Users End Up on a Phishing Page Disguised as Chrome Download Page

Upon clicking on the first result and heading to google.com on Bing, the user finds himself on a phishing website that pushes malware in the form of a Chrome download page.

The experience has been shared by Gabriel Landau in a tweet:

Brand new Win10 laptop. Attempt to install Chrome. Almost get owned with my very first action. Why is this still happening in 2018, @bing? Please explain. pic.twitter.com/uYJhu7xa9H
— Gabriel Landau (@GabrielLandau) October 25, 2018

Researchers were able to reproduce the issue and found out the malicious scenario doesn’t happen every time. However, sometimes an ad for google.com will show up, an ad that doesn’t lead to the real search engine but to a scammers’ page.

Related: Block Ads In Microsoft Edge Browser (Simple Tutorial)

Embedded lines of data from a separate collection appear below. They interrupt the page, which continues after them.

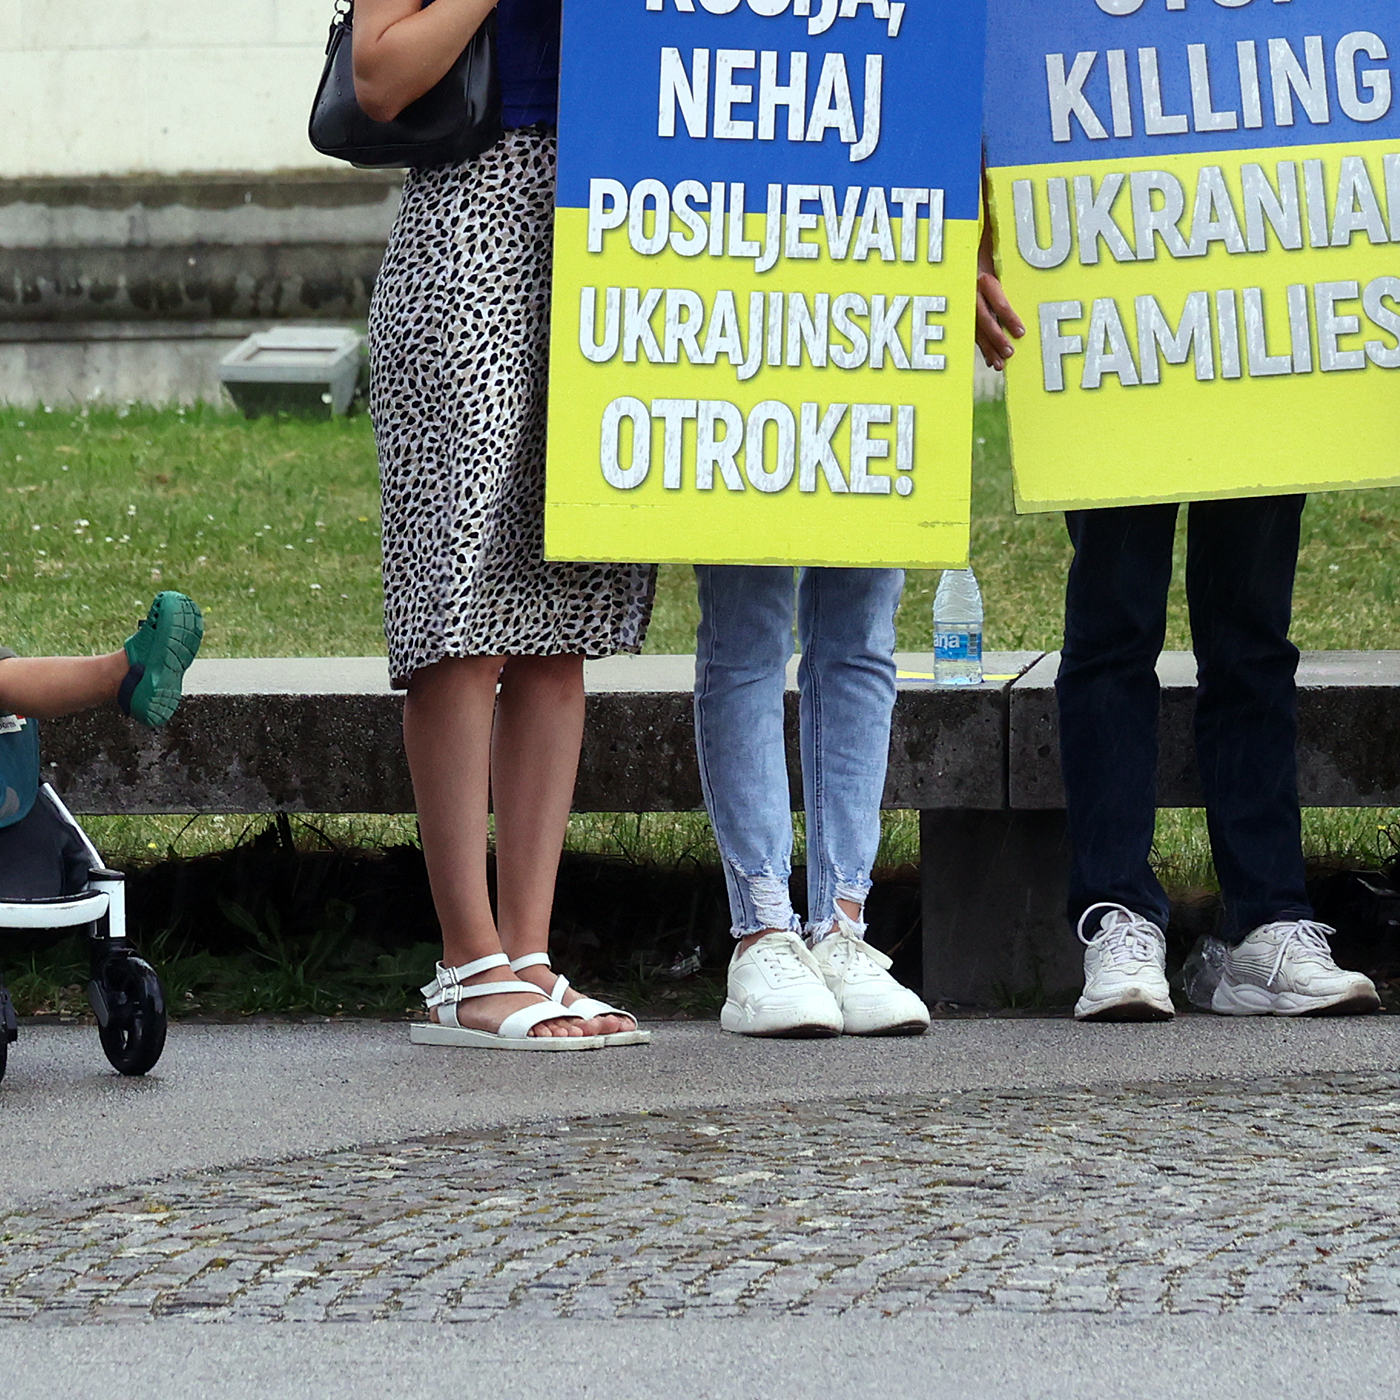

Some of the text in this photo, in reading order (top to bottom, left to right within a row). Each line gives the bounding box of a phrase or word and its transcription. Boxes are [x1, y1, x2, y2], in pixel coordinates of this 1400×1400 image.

[657, 46, 883, 162] NEHAJ
[1045, 30, 1392, 142] KILLING
[587, 177, 945, 273] POSILJEVATI
[578, 286, 947, 381] UKRAJINSKE
[600, 395, 915, 497] OTROKE!
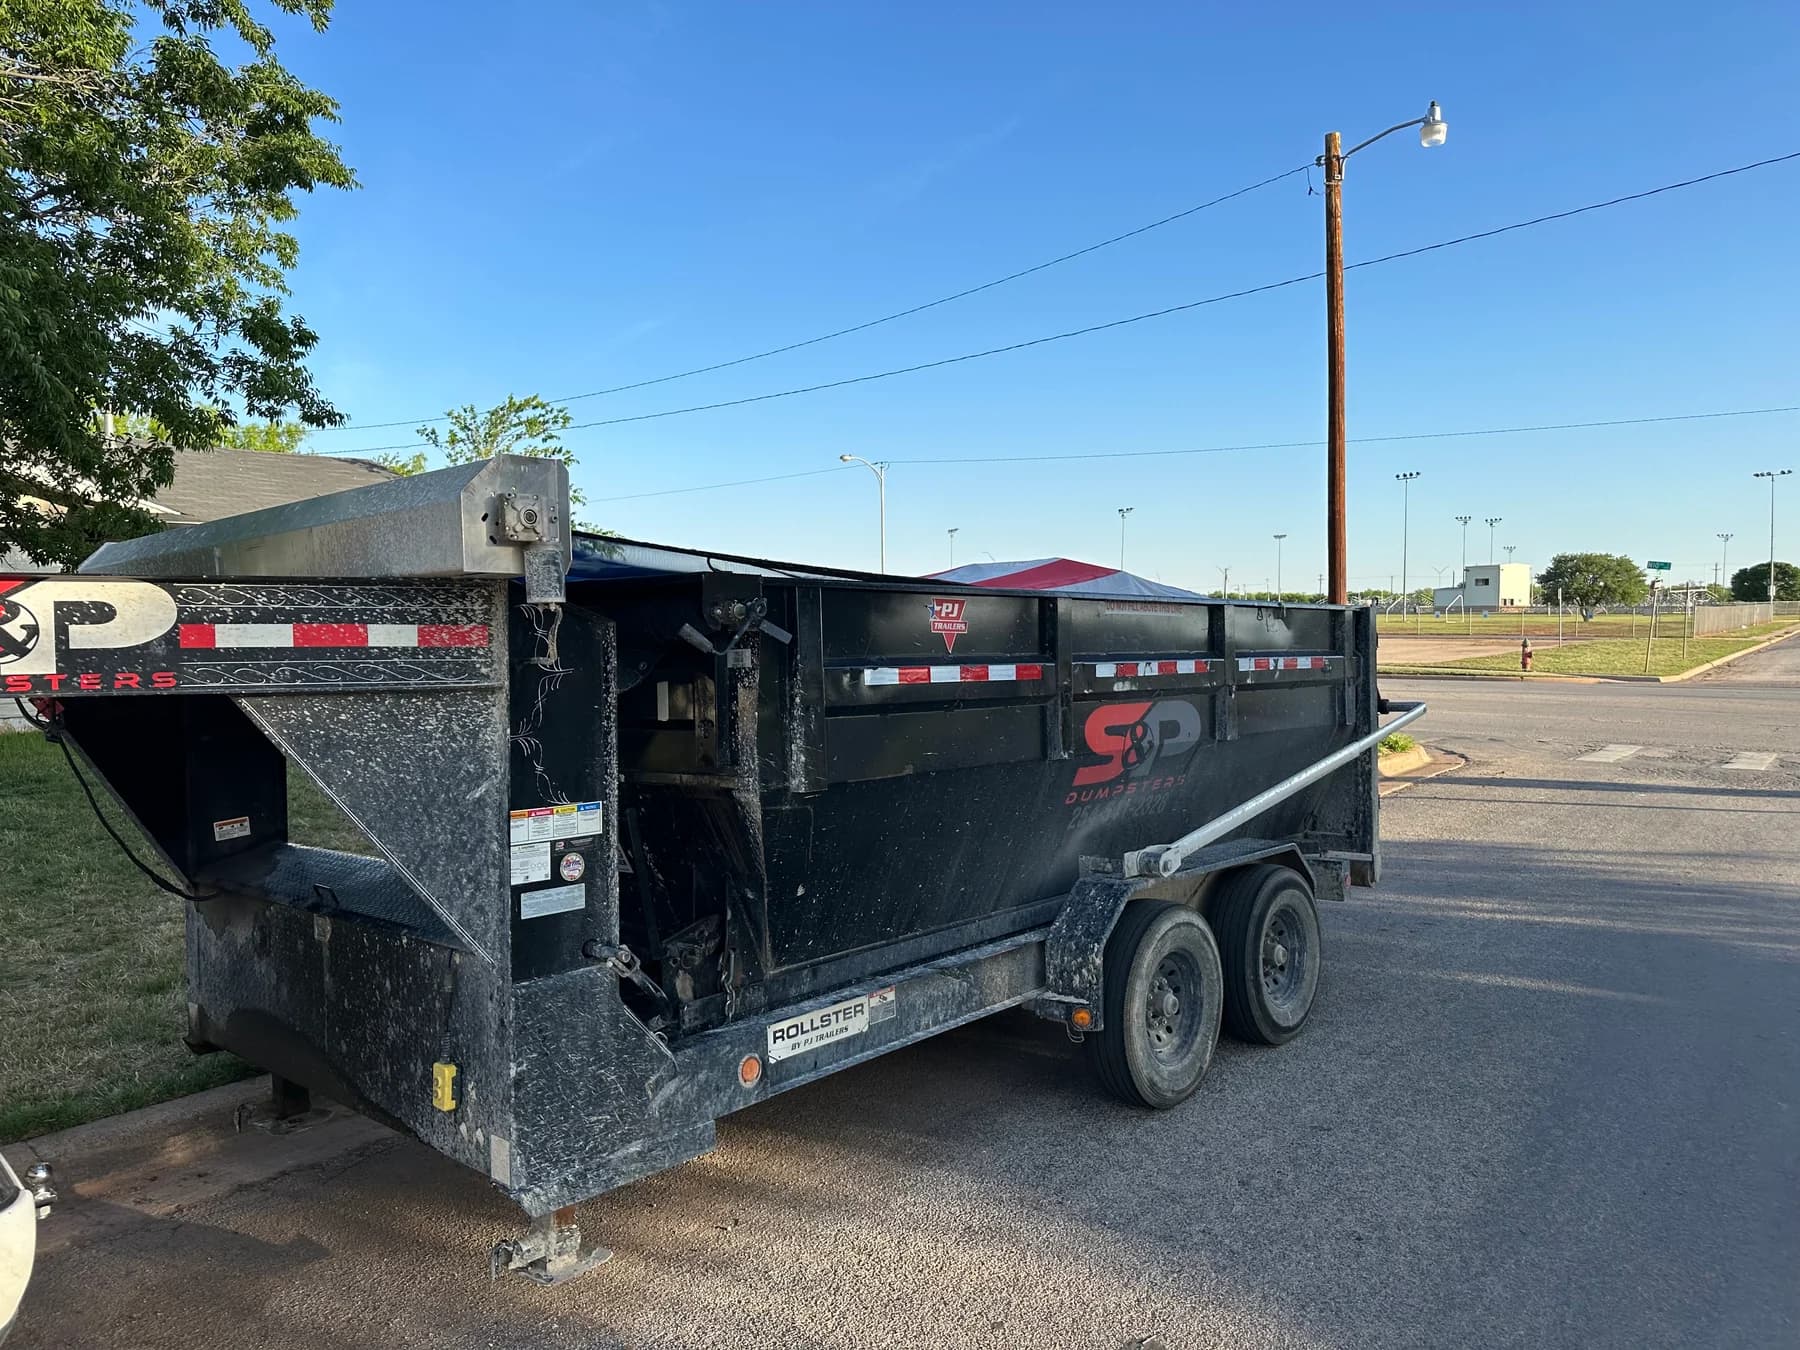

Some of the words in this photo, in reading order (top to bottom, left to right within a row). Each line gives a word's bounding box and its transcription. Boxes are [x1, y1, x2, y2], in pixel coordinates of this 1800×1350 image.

The page is designed to look like a Google Chrome download page which resembles the real one, and it will take the user to googleonline2018(.)com:

The page doesn’t download the desired browser but is pushing a form of malware.

Related: Chrome 69 Keeps Google Cookies When Requested to Delete All Cookies

It is important to note that Chrome blocks this site as “deceptive,” but Bing and Edge don’t. It’s also worth mentioning that the deceptive ad doesn’t show up every time on any system. This most likely means that it may be targeted geographically. Researchers were only able to reproduce the deceptive behavior in Microsoft Edge.

It appears that the ad was circling the Web earlier this year, in April, when Microsoft removed it. Several months later, and the ad is back in an identical form. The current status of the ad is that it has once again been removed by Microsoft. The company, however, hasn’t provided any explanation as to why the ad appeared to be served from google.com. It’s also unclear whether the general issue has been entirely fixed, which means that such behavior may be seen again in the future.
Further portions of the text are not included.